Feline groovy: one man’s Kickstarter quest to make the purrfect music for cats

More than 7,000 investors have already put up money to help composer David Teie fund his project: music which he claims is scientifically proven to enrich the lives of cats
  
  

A singing cat
Cat-erwauling. Photograph: Alamy

When the singer Sandi Thom uploaded a tearful video to YouTube, in which she despaired at the need to appease monolithic radio playlist committees, the clip went viral for all the wrong reasons. However, it did find support from musicians routinely faced with the unenviable task of pleasing notoriously picky tastemakers, radio playlisters and music journalists. Meanwhile, in the US, composer David Teie has set his sights on the only crowd more difficult to impress than clapped-out rock hacks: cats.

“I know, it sounds like a joke,” says Teie on his Music for Cats Kickstarter page, where he outlined his need to raise $20,000 to finish his first cat album. But plenty of people have taken it seriously: more than 7,000 investors have put money in. At the time of writing, the fund stands at more than $167,000 and the campaign doesn’t end until 28 November. “Cats have had to listen to music they often didn’t actually like,” says the accompanying video. “Until now.”

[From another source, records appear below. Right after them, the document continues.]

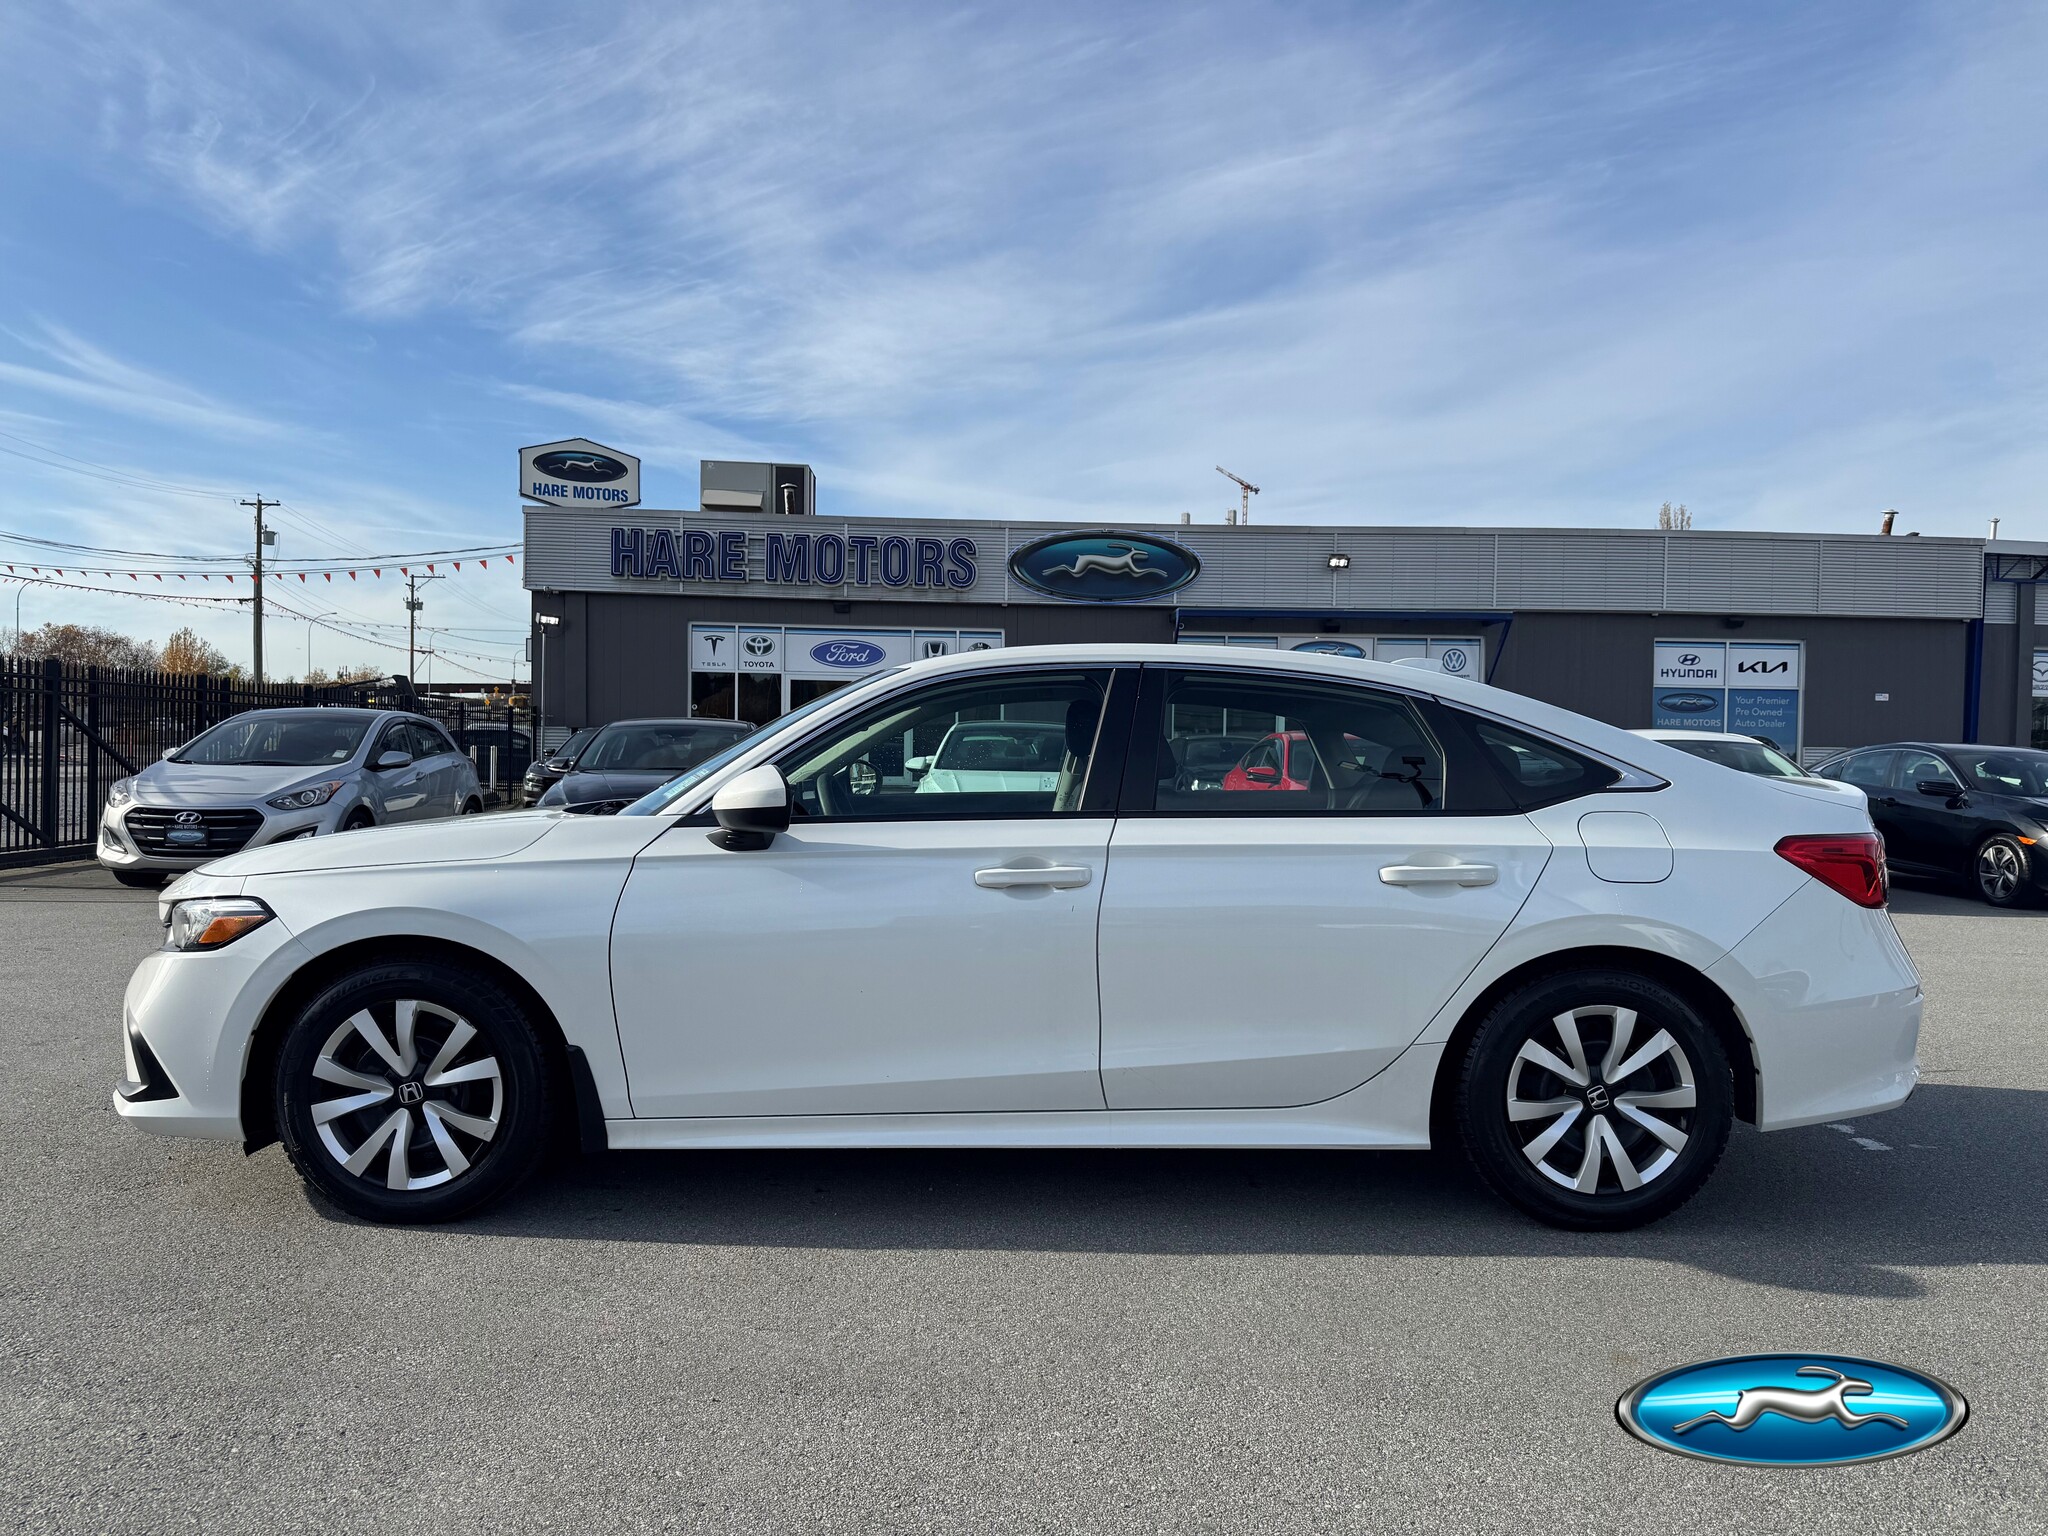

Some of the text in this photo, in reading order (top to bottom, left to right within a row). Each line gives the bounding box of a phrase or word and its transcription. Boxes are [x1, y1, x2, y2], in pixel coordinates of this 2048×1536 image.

[532, 482, 629, 503] HARE MOTORS
[610, 527, 979, 588] HARE MOTORS
[825, 643, 869, 663] Ford
[1738, 661, 1788, 674] KIA
[1660, 668, 1717, 679] HYUNDAI
[1735, 695, 1789, 705] Your Premier
[1735, 708, 1783, 717] Pre Owned
[1657, 718, 1721, 728] HARE MOTORS
[1735, 719, 1786, 728] Auto Dealer

Teie, a cellist with the US National Symphony Orchestra, has been working on species-specific music since 2009, and previously tested his theories on tamarin monkeys. Music for Cats is his first major project (more people, he reasons, own cats than monkeys). He emphasises that his work is proven by science — the basis being that, as humans, we like to hear a pulse in our music “because we heard a pulse constantly for four months before we were born”. Cats, on the other hand, develop this sense after birth. Tei says: “Suckling is a reward-related sound that all cats hear as the brain structures responsible for their emotions [are] forming. The musical swishing sound heard in the cat music is one example of something that will have no relevance for us, but will be strongly relevant for a cat.”

Looking ahead to “difficult second album” territory, Teie wants to create music that will soothe captured whales or abused dogs, and he will have a $147,000 Kickstarter surplus to play with as long as he doesn’t blow the lot on expensive videos and Iggy Azalea guest verses.

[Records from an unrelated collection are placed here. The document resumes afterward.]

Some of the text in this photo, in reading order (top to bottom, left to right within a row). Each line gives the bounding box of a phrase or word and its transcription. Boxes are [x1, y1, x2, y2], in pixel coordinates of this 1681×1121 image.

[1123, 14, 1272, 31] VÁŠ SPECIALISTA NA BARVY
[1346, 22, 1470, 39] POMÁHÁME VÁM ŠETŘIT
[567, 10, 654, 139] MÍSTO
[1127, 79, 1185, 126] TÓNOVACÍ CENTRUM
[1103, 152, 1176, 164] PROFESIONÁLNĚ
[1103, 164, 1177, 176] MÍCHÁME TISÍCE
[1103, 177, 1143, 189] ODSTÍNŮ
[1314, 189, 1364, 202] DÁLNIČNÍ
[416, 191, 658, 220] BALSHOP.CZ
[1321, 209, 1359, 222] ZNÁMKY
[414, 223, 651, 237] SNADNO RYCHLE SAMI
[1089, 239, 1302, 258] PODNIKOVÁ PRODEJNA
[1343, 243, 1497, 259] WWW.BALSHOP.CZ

For the time being, and in the name of research, I find the nearest feline, next door’s 10-year-old black-and-white cat, Trudie. (Full name, I learn today: Trudie Princess Fiona.) To start my experiment, I give TPF a blast of the current No 1 single — Adele’s Hello. Her quintessentially feline response is to wander into the next room. Having established a control, I then play her a clip of Music for Cats.

It sounds like something you might find on a relaxation CD from Poundland, but don’t forget I am a stupid human and am not meant to understand. Trudie, meanwhile, responds by swishing her tail. She stares at me. She jumps on a chair, then stares at me a bit more. The clip ends. Trudie is still in the room. Has Music for Cats been a roaring success? Not quite, but it purred a little.